## TASK OBJECTIVE:
Only the text of the entries below should be returned, exactly as given, without pictures.

## GIVEN INFORMATION:
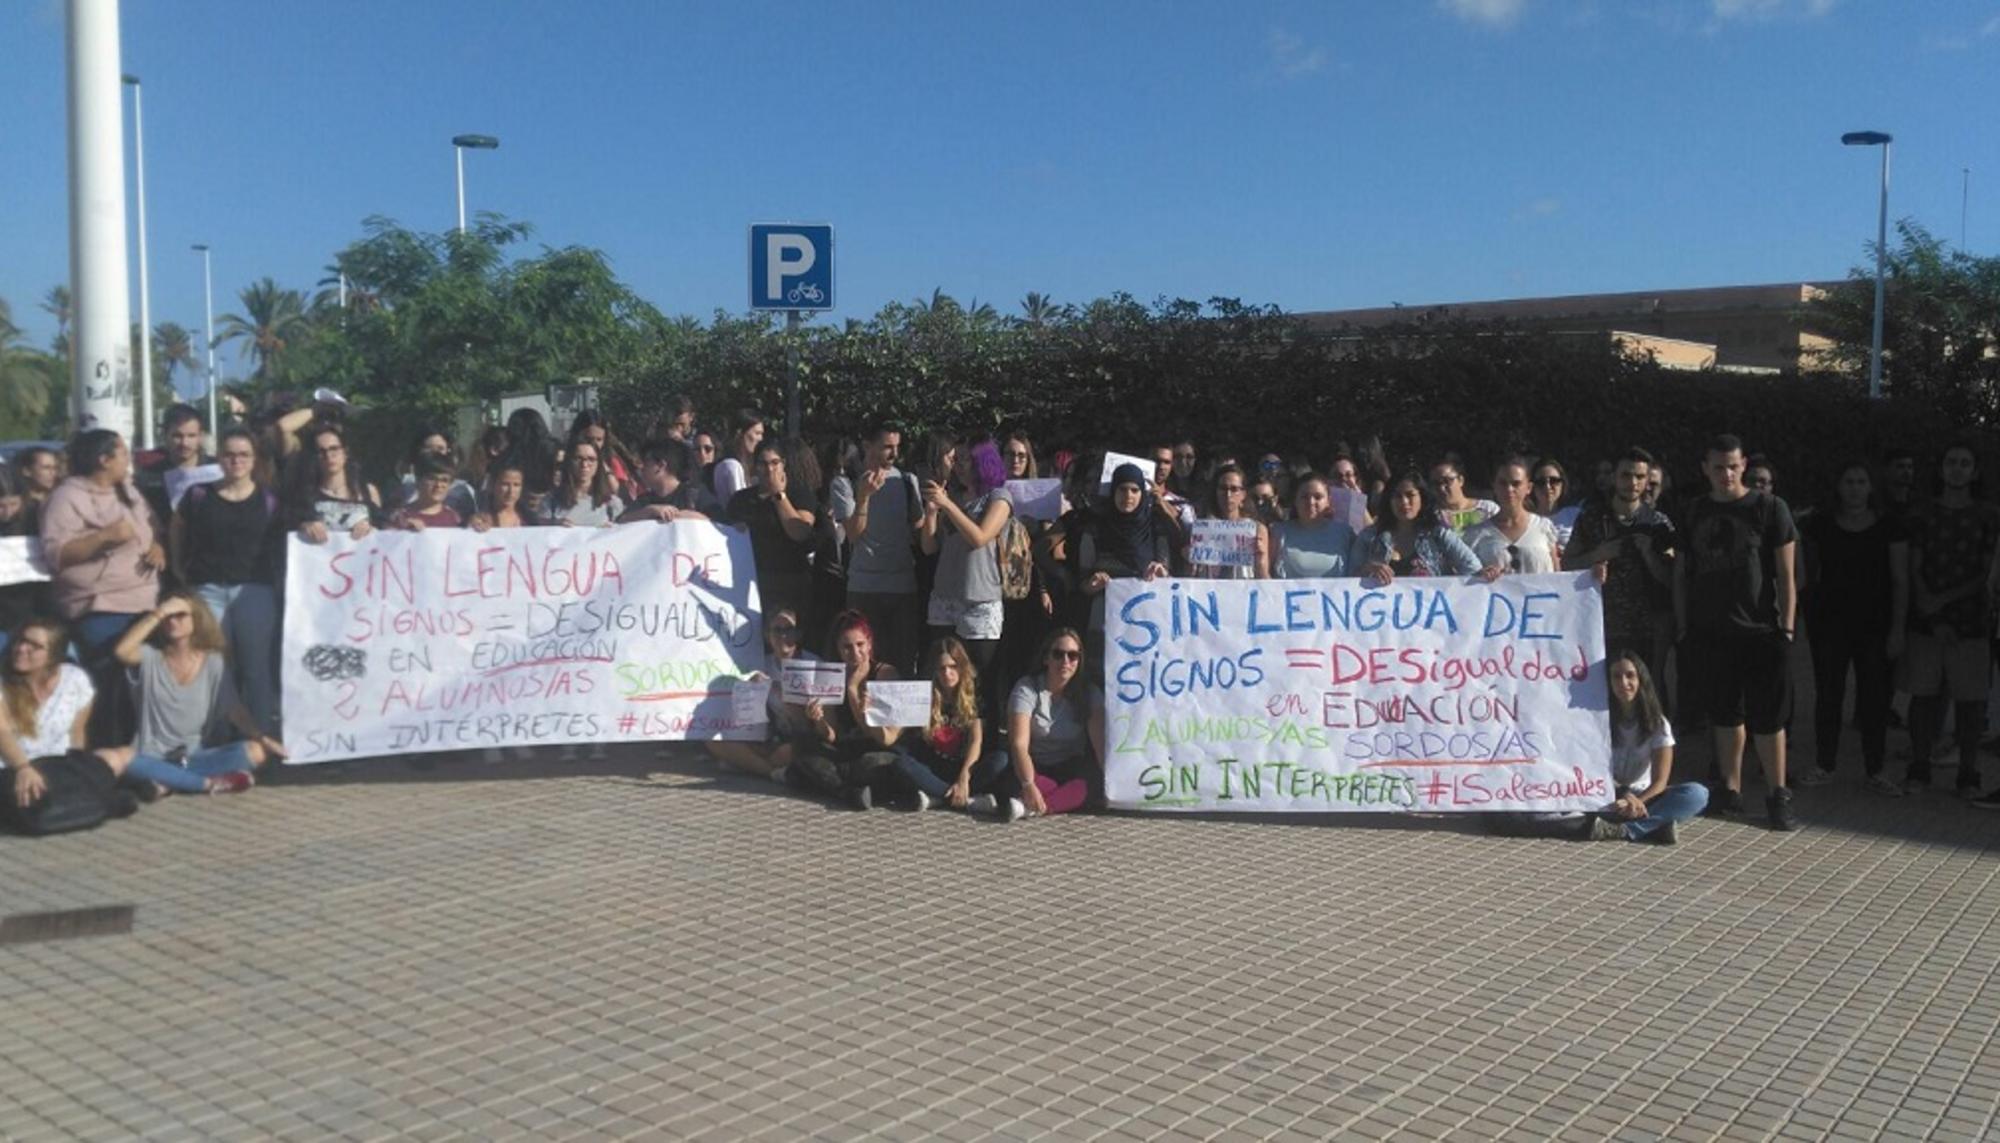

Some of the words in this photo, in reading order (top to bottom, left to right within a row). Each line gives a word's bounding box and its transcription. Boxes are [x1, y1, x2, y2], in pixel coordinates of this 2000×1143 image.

[767, 233, 816, 300] P
[444, 544, 623, 599] LENGUA
[672, 553, 722, 588] DE
[1247, 588, 1458, 635] LENGUA
[1484, 592, 1563, 640] DE
[388, 645, 434, 673] EN
[381, 666, 595, 717] ALUMNOS/AS
[1266, 692, 1309, 718] en
[1344, 725, 1542, 764] SORDOS/AS

## FINISHED TASK:
Some of the words in this photo, in reading order (top to bottom, left to right within a row). Each line gives a word's bounding box and its transcription. Boxes are [x1, y1, x2, y2], in pixel coordinates of this 2000×1143 image.

[767, 233, 816, 300] P
[444, 544, 623, 599] LENGUA
[672, 553, 722, 588] DE
[1247, 588, 1458, 635] LENGUA
[1484, 592, 1563, 640] DE
[388, 645, 434, 673] EN
[381, 666, 595, 717] ALUMNOS/AS
[1266, 692, 1309, 718] en
[1344, 725, 1542, 764] SORDOS/AS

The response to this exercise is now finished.